* **What needs to be done**:
An exact copy of every record is the expected answer.

* **Working data**:
_ _ _ _

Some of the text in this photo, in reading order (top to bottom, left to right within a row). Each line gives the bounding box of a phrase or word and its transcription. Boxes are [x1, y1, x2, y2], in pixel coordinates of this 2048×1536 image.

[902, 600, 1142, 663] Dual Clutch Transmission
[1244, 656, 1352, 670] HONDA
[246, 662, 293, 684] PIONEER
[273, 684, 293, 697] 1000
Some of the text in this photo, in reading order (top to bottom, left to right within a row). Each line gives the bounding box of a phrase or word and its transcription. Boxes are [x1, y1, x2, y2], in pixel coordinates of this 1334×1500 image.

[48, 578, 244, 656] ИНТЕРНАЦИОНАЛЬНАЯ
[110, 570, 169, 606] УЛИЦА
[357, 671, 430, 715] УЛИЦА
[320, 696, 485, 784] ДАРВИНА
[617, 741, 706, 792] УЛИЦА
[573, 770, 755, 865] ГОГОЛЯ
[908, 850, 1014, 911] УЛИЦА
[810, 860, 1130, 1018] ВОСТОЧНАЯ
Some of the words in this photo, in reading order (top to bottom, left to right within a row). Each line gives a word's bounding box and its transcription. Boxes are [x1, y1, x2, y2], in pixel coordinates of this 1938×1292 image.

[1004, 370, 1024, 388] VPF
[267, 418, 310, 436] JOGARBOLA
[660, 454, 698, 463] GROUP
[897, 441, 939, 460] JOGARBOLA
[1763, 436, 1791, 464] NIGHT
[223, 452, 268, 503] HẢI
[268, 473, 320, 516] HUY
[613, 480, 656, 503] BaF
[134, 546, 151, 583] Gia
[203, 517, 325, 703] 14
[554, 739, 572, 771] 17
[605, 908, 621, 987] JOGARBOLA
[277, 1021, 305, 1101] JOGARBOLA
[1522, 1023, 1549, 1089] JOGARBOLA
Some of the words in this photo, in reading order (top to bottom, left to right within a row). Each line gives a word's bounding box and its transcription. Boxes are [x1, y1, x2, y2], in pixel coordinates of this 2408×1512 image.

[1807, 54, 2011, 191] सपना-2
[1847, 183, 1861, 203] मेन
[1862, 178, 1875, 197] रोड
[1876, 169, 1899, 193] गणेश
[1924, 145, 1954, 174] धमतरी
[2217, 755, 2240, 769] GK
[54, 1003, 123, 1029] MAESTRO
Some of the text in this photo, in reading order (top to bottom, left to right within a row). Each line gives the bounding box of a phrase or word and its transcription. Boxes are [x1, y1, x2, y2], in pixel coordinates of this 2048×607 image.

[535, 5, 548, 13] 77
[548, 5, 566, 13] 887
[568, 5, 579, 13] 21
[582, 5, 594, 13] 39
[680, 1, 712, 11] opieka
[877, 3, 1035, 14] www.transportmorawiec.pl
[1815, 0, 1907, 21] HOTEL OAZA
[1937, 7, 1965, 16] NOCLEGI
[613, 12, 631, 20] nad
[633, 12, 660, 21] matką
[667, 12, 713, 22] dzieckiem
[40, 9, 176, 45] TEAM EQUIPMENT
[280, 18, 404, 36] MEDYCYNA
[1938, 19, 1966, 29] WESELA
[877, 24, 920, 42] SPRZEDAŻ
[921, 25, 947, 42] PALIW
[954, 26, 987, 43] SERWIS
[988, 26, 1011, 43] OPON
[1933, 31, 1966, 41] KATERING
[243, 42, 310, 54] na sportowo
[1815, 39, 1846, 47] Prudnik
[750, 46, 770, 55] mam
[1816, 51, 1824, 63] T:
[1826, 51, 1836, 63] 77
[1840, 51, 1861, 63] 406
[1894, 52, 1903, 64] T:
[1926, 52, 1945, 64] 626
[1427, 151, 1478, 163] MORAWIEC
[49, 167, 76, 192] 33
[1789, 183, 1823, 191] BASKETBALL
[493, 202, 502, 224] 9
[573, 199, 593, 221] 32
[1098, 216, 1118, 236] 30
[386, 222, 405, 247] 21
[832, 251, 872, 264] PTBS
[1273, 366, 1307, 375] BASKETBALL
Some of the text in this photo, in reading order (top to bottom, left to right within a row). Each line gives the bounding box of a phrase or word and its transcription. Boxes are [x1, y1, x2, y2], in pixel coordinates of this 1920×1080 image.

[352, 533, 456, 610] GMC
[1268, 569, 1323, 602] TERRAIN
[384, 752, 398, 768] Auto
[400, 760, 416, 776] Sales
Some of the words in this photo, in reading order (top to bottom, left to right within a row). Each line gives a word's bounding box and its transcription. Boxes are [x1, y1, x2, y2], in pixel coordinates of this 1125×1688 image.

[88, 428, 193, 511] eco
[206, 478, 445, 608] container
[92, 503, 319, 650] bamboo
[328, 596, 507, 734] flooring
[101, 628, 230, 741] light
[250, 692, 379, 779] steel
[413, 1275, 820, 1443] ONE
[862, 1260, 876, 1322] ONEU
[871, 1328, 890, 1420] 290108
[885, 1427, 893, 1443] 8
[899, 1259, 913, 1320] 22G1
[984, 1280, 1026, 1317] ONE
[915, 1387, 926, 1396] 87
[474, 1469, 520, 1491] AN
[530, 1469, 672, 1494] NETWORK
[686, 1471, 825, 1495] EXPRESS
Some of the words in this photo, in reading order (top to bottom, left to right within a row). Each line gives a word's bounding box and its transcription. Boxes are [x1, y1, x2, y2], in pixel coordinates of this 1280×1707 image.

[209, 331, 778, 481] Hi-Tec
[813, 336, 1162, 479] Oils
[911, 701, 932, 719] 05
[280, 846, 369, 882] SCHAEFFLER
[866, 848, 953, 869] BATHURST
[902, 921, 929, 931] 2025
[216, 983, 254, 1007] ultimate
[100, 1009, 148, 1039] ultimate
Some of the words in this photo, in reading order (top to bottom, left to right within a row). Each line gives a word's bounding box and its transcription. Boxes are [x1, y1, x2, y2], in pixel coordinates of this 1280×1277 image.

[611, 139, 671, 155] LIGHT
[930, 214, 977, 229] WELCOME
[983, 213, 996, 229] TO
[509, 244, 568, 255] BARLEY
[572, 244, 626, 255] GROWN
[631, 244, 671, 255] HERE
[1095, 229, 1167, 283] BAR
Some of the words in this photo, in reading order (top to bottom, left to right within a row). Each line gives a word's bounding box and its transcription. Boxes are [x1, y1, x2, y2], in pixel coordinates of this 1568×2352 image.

_ _ _ _

* **Reply to the exercise**:
Some of the text in this photo, in reading order (top to bottom, left to right within a row). Each line gives the bounding box of a phrase or word and its transcription. Boxes are [x1, y1, x2, y2], in pixel coordinates of this 2048×1536 image.

[902, 600, 1142, 663] Dual Clutch Transmission
[1244, 656, 1352, 670] HONDA
[246, 662, 293, 684] PIONEER
[273, 684, 293, 697] 1000
Some of the text in this photo, in reading order (top to bottom, left to right within a row). Each line gives the bounding box of a phrase or word and its transcription. Boxes are [x1, y1, x2, y2], in pixel coordinates of this 1334×1500 image.

[48, 578, 244, 656] ИНТЕРНАЦИОНАЛЬНАЯ
[110, 570, 169, 606] УЛИЦА
[357, 671, 430, 715] УЛИЦА
[320, 696, 485, 784] ДАРВИНА
[617, 741, 706, 792] УЛИЦА
[573, 770, 755, 865] ГОГОЛЯ
[908, 850, 1014, 911] УЛИЦА
[810, 860, 1130, 1018] ВОСТОЧНАЯ
Some of the words in this photo, in reading order (top to bottom, left to right within a row). Each line gives a word's bounding box and its transcription. Boxes are [x1, y1, x2, y2], in pixel coordinates of this 1938×1292 image.

[1004, 370, 1024, 388] VPF
[267, 418, 310, 436] JOGARBOLA
[660, 454, 698, 463] GROUP
[897, 441, 939, 460] JOGARBOLA
[1763, 436, 1791, 464] NIGHT
[223, 452, 268, 503] HẢI
[268, 473, 320, 516] HUY
[613, 480, 656, 503] BaF
[134, 546, 151, 583] Gia
[203, 517, 325, 703] 14
[554, 739, 572, 771] 17
[605, 908, 621, 987] JOGARBOLA
[277, 1021, 305, 1101] JOGARBOLA
[1522, 1023, 1549, 1089] JOGARBOLA
Some of the words in this photo, in reading order (top to bottom, left to right within a row). Each line gives a word's bounding box and its transcription. Boxes are [x1, y1, x2, y2], in pixel coordinates of this 2408×1512 image.

[1807, 54, 2011, 191] सपना-2
[1847, 183, 1861, 203] मेन
[1862, 178, 1875, 197] रोड
[1876, 169, 1899, 193] गणेश
[1924, 145, 1954, 174] धमतरी
[2217, 755, 2240, 769] GK
[54, 1003, 123, 1029] MAESTRO
Some of the text in this photo, in reading order (top to bottom, left to right within a row). Each line gives the bounding box of a phrase or word and its transcription. Boxes are [x1, y1, x2, y2], in pixel coordinates of this 2048×607 image.

[535, 5, 548, 13] 77
[548, 5, 566, 13] 887
[568, 5, 579, 13] 21
[582, 5, 594, 13] 39
[680, 1, 712, 11] opieka
[877, 3, 1035, 14] www.transportmorawiec.pl
[1815, 0, 1907, 21] HOTEL OAZA
[1937, 7, 1965, 16] NOCLEGI
[613, 12, 631, 20] nad
[633, 12, 660, 21] matką
[667, 12, 713, 22] dzieckiem
[40, 9, 176, 45] TEAM EQUIPMENT
[280, 18, 404, 36] MEDYCYNA
[1938, 19, 1966, 29] WESELA
[877, 24, 920, 42] SPRZEDAŻ
[921, 25, 947, 42] PALIW
[954, 26, 987, 43] SERWIS
[988, 26, 1011, 43] OPON
[1933, 31, 1966, 41] KATERING
[243, 42, 310, 54] na sportowo
[1815, 39, 1846, 47] Prudnik
[750, 46, 770, 55] mam
[1816, 51, 1824, 63] T:
[1826, 51, 1836, 63] 77
[1840, 51, 1861, 63] 406
[1894, 52, 1903, 64] T:
[1926, 52, 1945, 64] 626
[1427, 151, 1478, 163] MORAWIEC
[49, 167, 76, 192] 33
[1789, 183, 1823, 191] BASKETBALL
[493, 202, 502, 224] 9
[573, 199, 593, 221] 32
[1098, 216, 1118, 236] 30
[386, 222, 405, 247] 21
[832, 251, 872, 264] PTBS
[1273, 366, 1307, 375] BASKETBALL
Some of the text in this photo, in reading order (top to bottom, left to right within a row). Each line gives the bounding box of a phrase or word and its transcription. Boxes are [x1, y1, x2, y2], in pixel coordinates of this 1920×1080 image.

[352, 533, 456, 610] GMC
[1268, 569, 1323, 602] TERRAIN
[384, 752, 398, 768] Auto
[400, 760, 416, 776] Sales
Some of the words in this photo, in reading order (top to bottom, left to right within a row). Each line gives a word's bounding box and its transcription. Boxes are [x1, y1, x2, y2], in pixel coordinates of this 1125×1688 image.

[88, 428, 193, 511] eco
[206, 478, 445, 608] container
[92, 503, 319, 650] bamboo
[328, 596, 507, 734] flooring
[101, 628, 230, 741] light
[250, 692, 379, 779] steel
[413, 1275, 820, 1443] ONE
[862, 1260, 876, 1322] ONEU
[871, 1328, 890, 1420] 290108
[885, 1427, 893, 1443] 8
[899, 1259, 913, 1320] 22G1
[984, 1280, 1026, 1317] ONE
[915, 1387, 926, 1396] 87
[474, 1469, 520, 1491] AN
[530, 1469, 672, 1494] NETWORK
[686, 1471, 825, 1495] EXPRESS
Some of the words in this photo, in reading order (top to bottom, left to right within a row). Each line gives a word's bounding box and its transcription. Boxes are [x1, y1, x2, y2], in pixel coordinates of this 1280×1707 image.

[209, 331, 778, 481] Hi-Tec
[813, 336, 1162, 479] Oils
[911, 701, 932, 719] 05
[280, 846, 369, 882] SCHAEFFLER
[866, 848, 953, 869] BATHURST
[902, 921, 929, 931] 2025
[216, 983, 254, 1007] ultimate
[100, 1009, 148, 1039] ultimate
Some of the words in this photo, in reading order (top to bottom, left to right within a row). Each line gives a word's bounding box and its transcription. Boxes are [x1, y1, x2, y2], in pixel coordinates of this 1280×1277 image.

[611, 139, 671, 155] LIGHT
[930, 214, 977, 229] WELCOME
[983, 213, 996, 229] TO
[509, 244, 568, 255] BARLEY
[572, 244, 626, 255] GROWN
[631, 244, 671, 255] HERE
[1095, 229, 1167, 283] BAR
Some of the words in this photo, in reading order (top to bottom, left to right within a row). Each line gives a word's bounding box and its transcription. Boxes are [x1, y1, x2, y2], in pixel coordinates of this 1568×2352 image.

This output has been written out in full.